Death and Personal Representatives: Period of administration and ascertainment of residue: Personal representatives: residue: late date
For the years 2008-09 there will be few cases in which it will be to the taxpayers’ advantage to argue that there has been an extended period of administration. This is because the rate of Capital Gains Tax payable by personal representatives is either the same as that paid by the legatees or higher. It cannot be lower. There may be a small advantage if the personal representatives have any unused annual exempt amount and the legatee doesn’t or the personal representatives may have unused losses that will be lost.
Unless it is an exceptional case where there are good reasons for accepting that the period of administration must be extended beyond the date residue is ascertained, see CG30710, you should seek the full facts to enable you to determine when residue became ascertainable. You should then argue that the beneficial ownership of the assets vested in the legatees at that date. As stated in CG30700 the attitude of the Courts is to look for an interpretation that allows administration to be completed at an early date.
One claim that is sometimes met is that there is an unquantified debt preventing residue being ascertained. This may not be sufficient to prevent the administration period being treated as at an end. Such a situation was considered in CIR v Sir Aubrey Smith 15TC661. Lord Hanworth commented at page 674
`For my own part I think the question of a mortgage debt or any other debt must take its proper place in perspective. It may be in some cases that that is a factor from which a strong inference may be drawn. It may be on the other hand that the device of leaving a debt unpaid is resorted to in order to pretend that the residue of the estate has not been ascertained and is not ascertainable. If such a device were resorted to in any case it ought to be held ineffective’.

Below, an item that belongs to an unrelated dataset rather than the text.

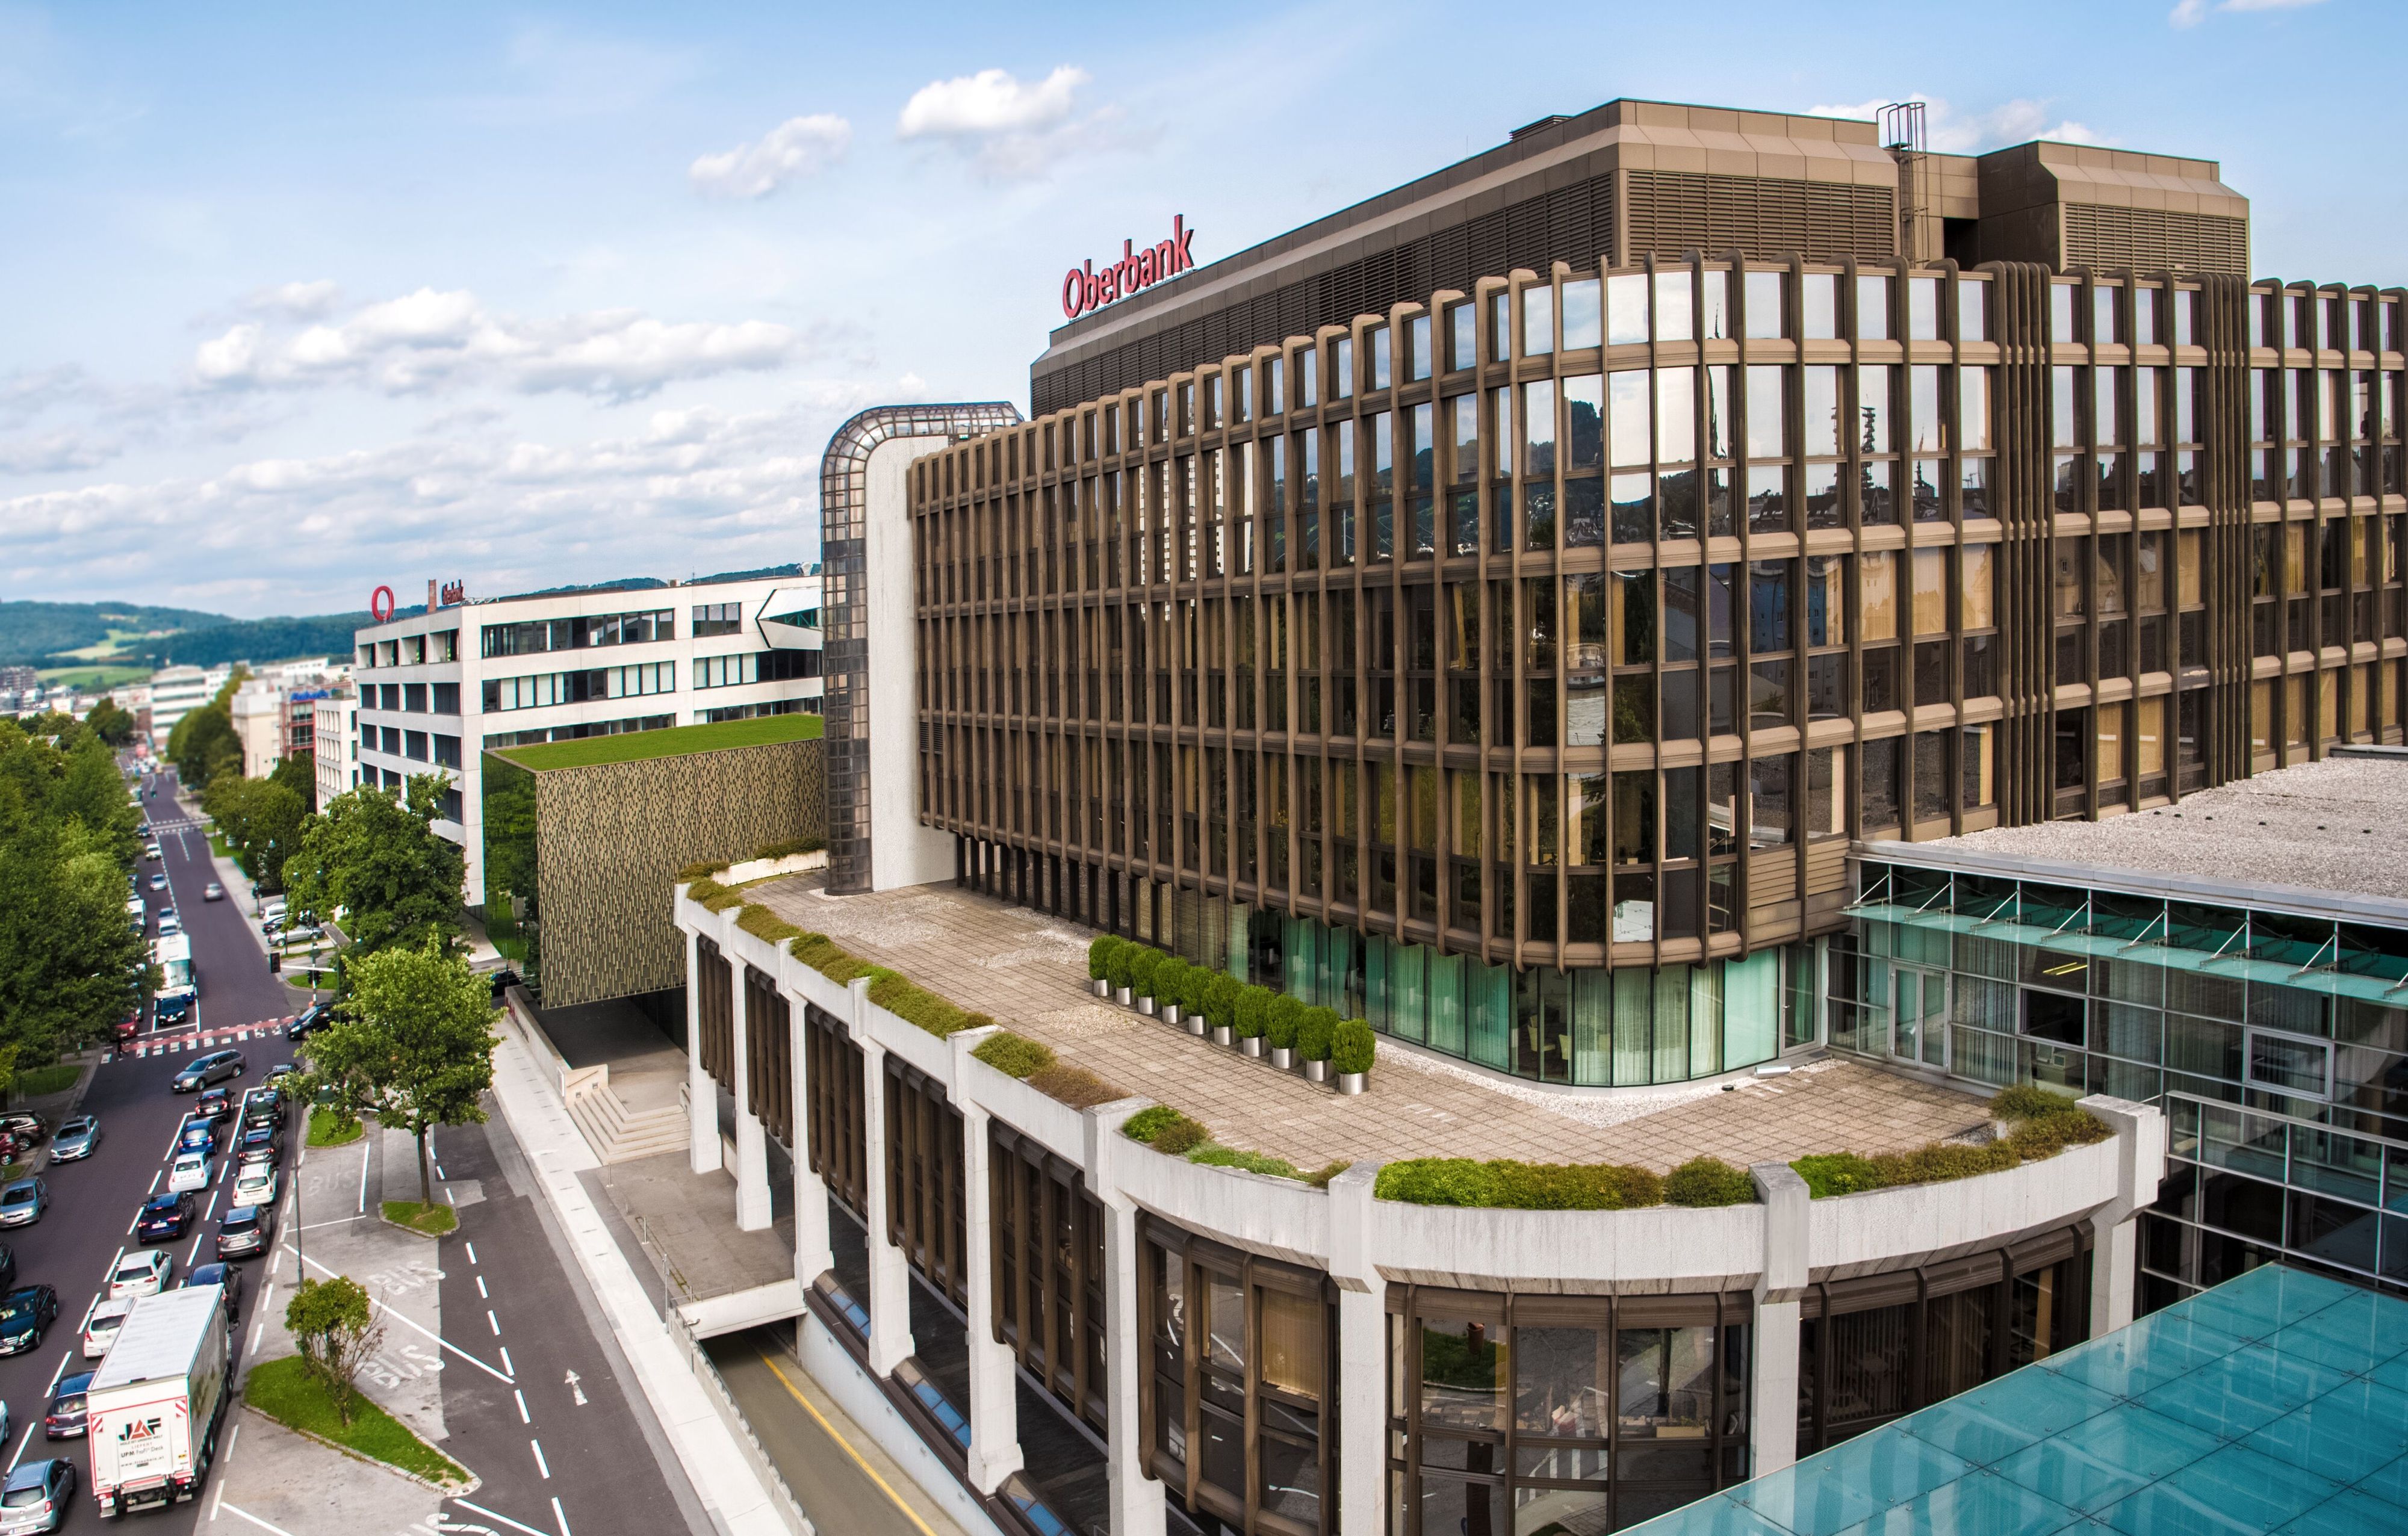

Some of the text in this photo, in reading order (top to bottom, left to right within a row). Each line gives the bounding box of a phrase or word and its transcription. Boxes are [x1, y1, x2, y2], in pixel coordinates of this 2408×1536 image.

[1063, 214, 1194, 318] Oberbank
[367, 1260, 446, 1295] BUS
[355, 1345, 445, 1389] BUS
[118, 1417, 161, 1441] JAF

When a Solicitor or other professional person is employed by the personal representatives to deal with the administration of the estate, his or her fees will be one of the estate’s debts. Sometimes when personal representatives wish to extend the period of administration they arrange that the Solicitor, etc, does not submit a bill in respect of at least some part of his or her fees. They then argue that this has prevented ascertainment of residue and has caused the period of administration to be extended. Any such claim should be resisted on the basis of the above quotation. It should be contended that the information to quantify the bill must be in the Solicitor’s records and that administration should therefore be considered to have ended.